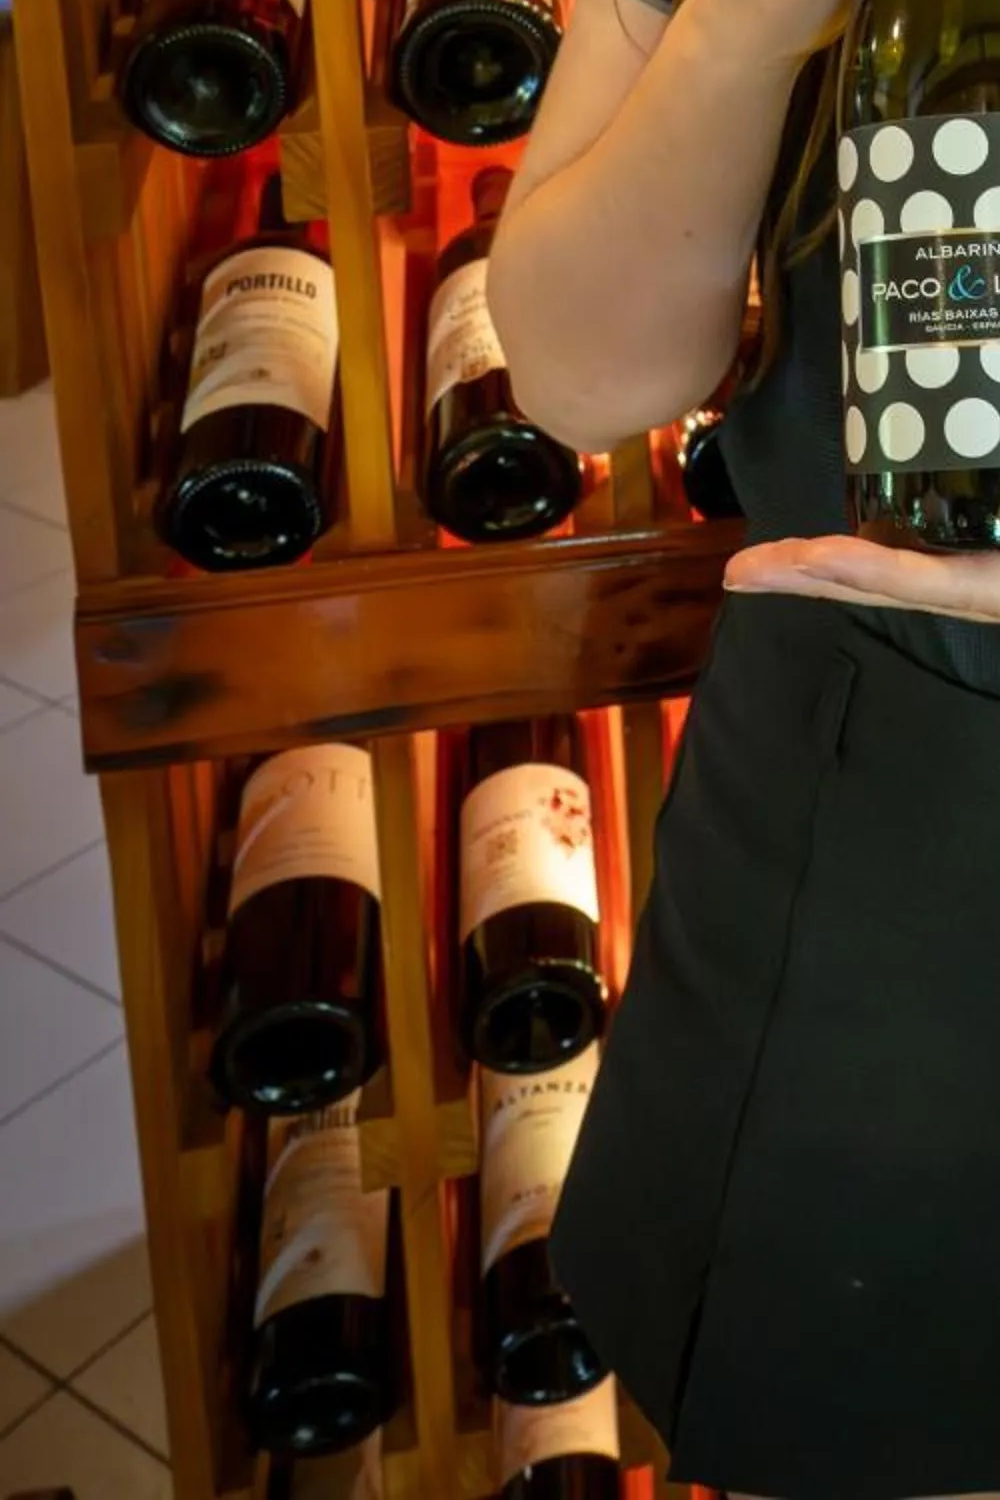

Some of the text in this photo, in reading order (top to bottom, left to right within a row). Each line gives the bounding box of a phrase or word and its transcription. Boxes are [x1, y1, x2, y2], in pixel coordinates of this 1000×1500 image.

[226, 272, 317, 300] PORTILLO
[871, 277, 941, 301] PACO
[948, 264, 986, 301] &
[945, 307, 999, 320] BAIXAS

○ ○ ○ ○

■ EXERCISE PROMPT
Write out the records once more, word for word, though without the pictures they contain.

■ OUTPUT FOR THIS TASK
Some of the text in this photo, in reading order (top to bottom, left to right within a row). Each line gives the bounding box of a phrase or word and its transcription. Boxes are [x1, y1, x2, y2], in pixel coordinates of this 1000×1500 image.

[226, 272, 317, 300] PORTILLO
[871, 277, 941, 301] PACO
[948, 264, 986, 301] &
[945, 307, 999, 320] BAIXAS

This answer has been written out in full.